Sigh. Also, this SDK apparently updates a few object names which should be a big flag to anyone hitting the ground running with the iPhone that it is in some pretty serious flux. Changing class names can wreck havok on existing projects.

Double sigh. Guess I'll go play with some Flex.

Monday, March 24, 2008

Sometimes, the iPhone Dev Center Just Closes Down...

This has actually happened to me a few times. I'll have a page open to some Apple documentation or the like and when I try to click around, I get kicked to the registration page. I try to login again with my dev account and I ... get kicked to the registration page.

I get that Apple must be just swamped - but not being able to maintain a login?

Sunday, March 23, 2008

Some iPhone SDK Disappointments

The simulator not supporting Open GL is definitely a bit of a downer, but the Core graphics set is pretty decent for a lot of uses (although obviously not for rotating a 3D teapot, for instance).

I didn't realize, though, that the SDK does not seem to support accessing the iTunes library for playback.
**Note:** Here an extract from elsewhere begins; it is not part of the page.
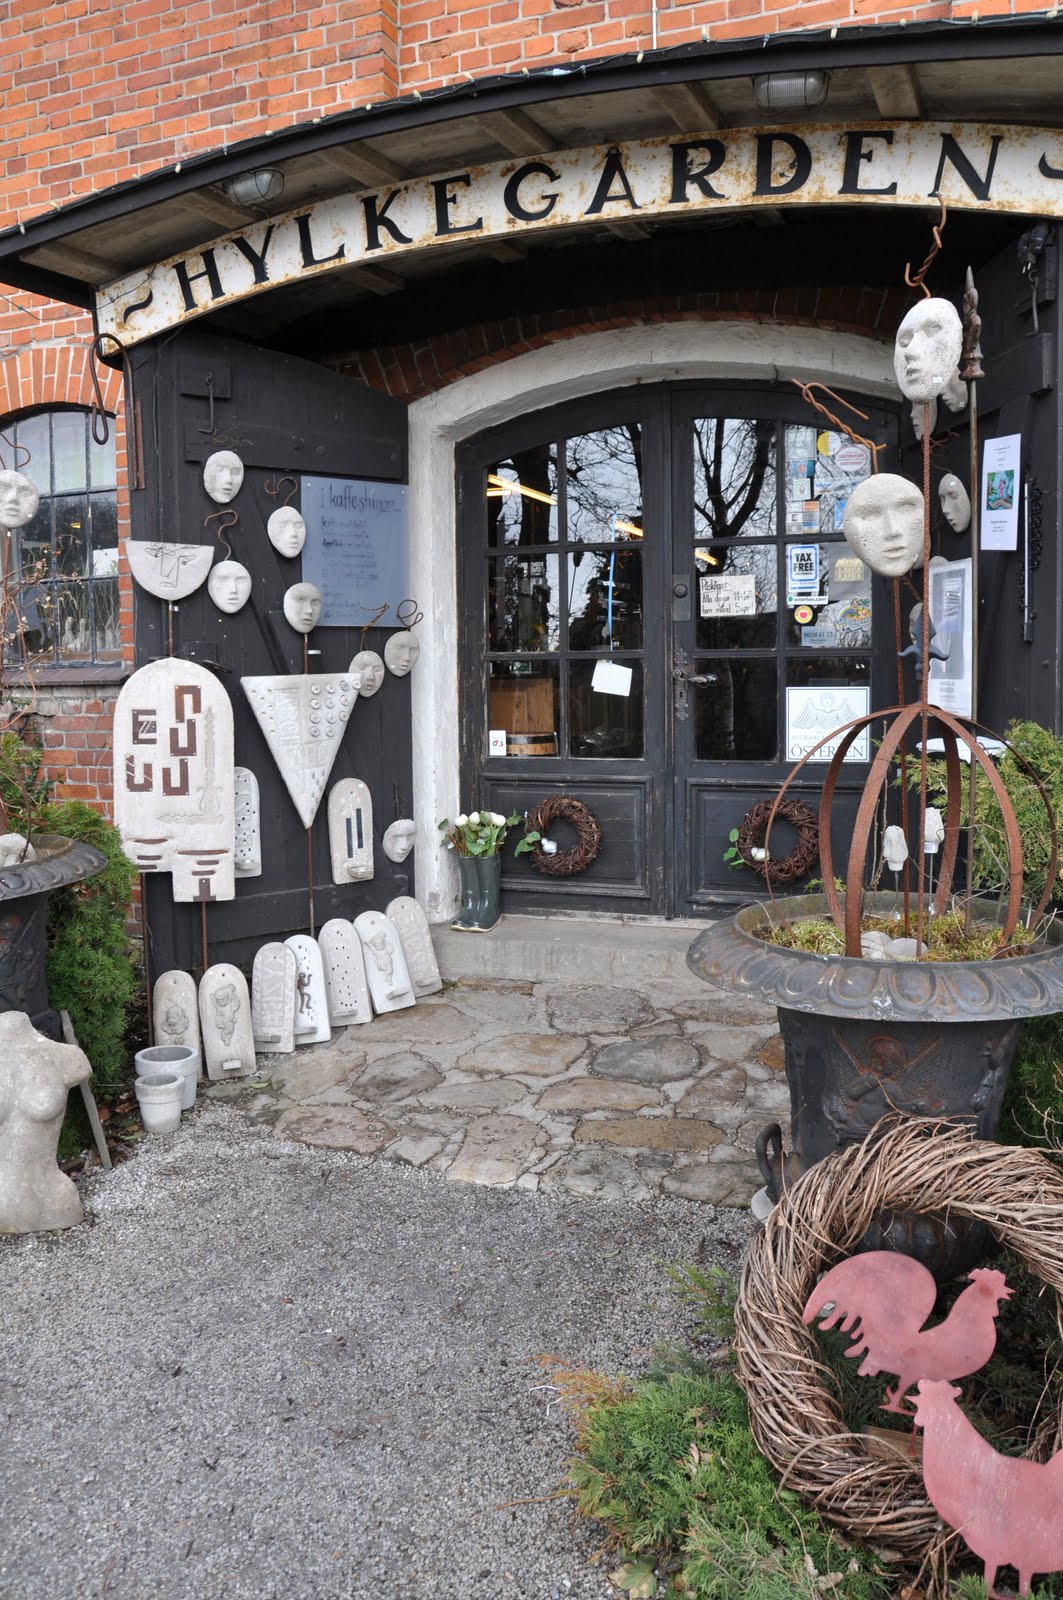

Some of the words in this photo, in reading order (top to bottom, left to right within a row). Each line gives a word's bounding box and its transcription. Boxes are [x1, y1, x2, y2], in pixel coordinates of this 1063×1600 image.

This really seems like a fairly strong handed restriction - I could see restrictions on manipulating the library itself but removing access completely shuts out a large portion of the functionality. So no new visualizers, music based games, podcasting, or mix software for you. I can't see where there's a DRM issue here, it's not like you'll be burning CD's off the thing ... so it really feels more like a stranglehold on the iTunes experience.

Also the SDK's dev site has a bit to be desired. There's no real search functionality, Getting beyond the surface topics and basic tutorials are difficult at best and OS X topics are interwoven with the iPhone ones with the occasional "has not been reviewed for accuracy" on the latter note. For instance, I can't even find a page that overviews the above and if you google "iPhone SDK restrictions", two full pages of result don't include any information from Apple.com itself.

I was going to take some time today and try and port my old visualizer code over to the iPhone ... but apparently that's out...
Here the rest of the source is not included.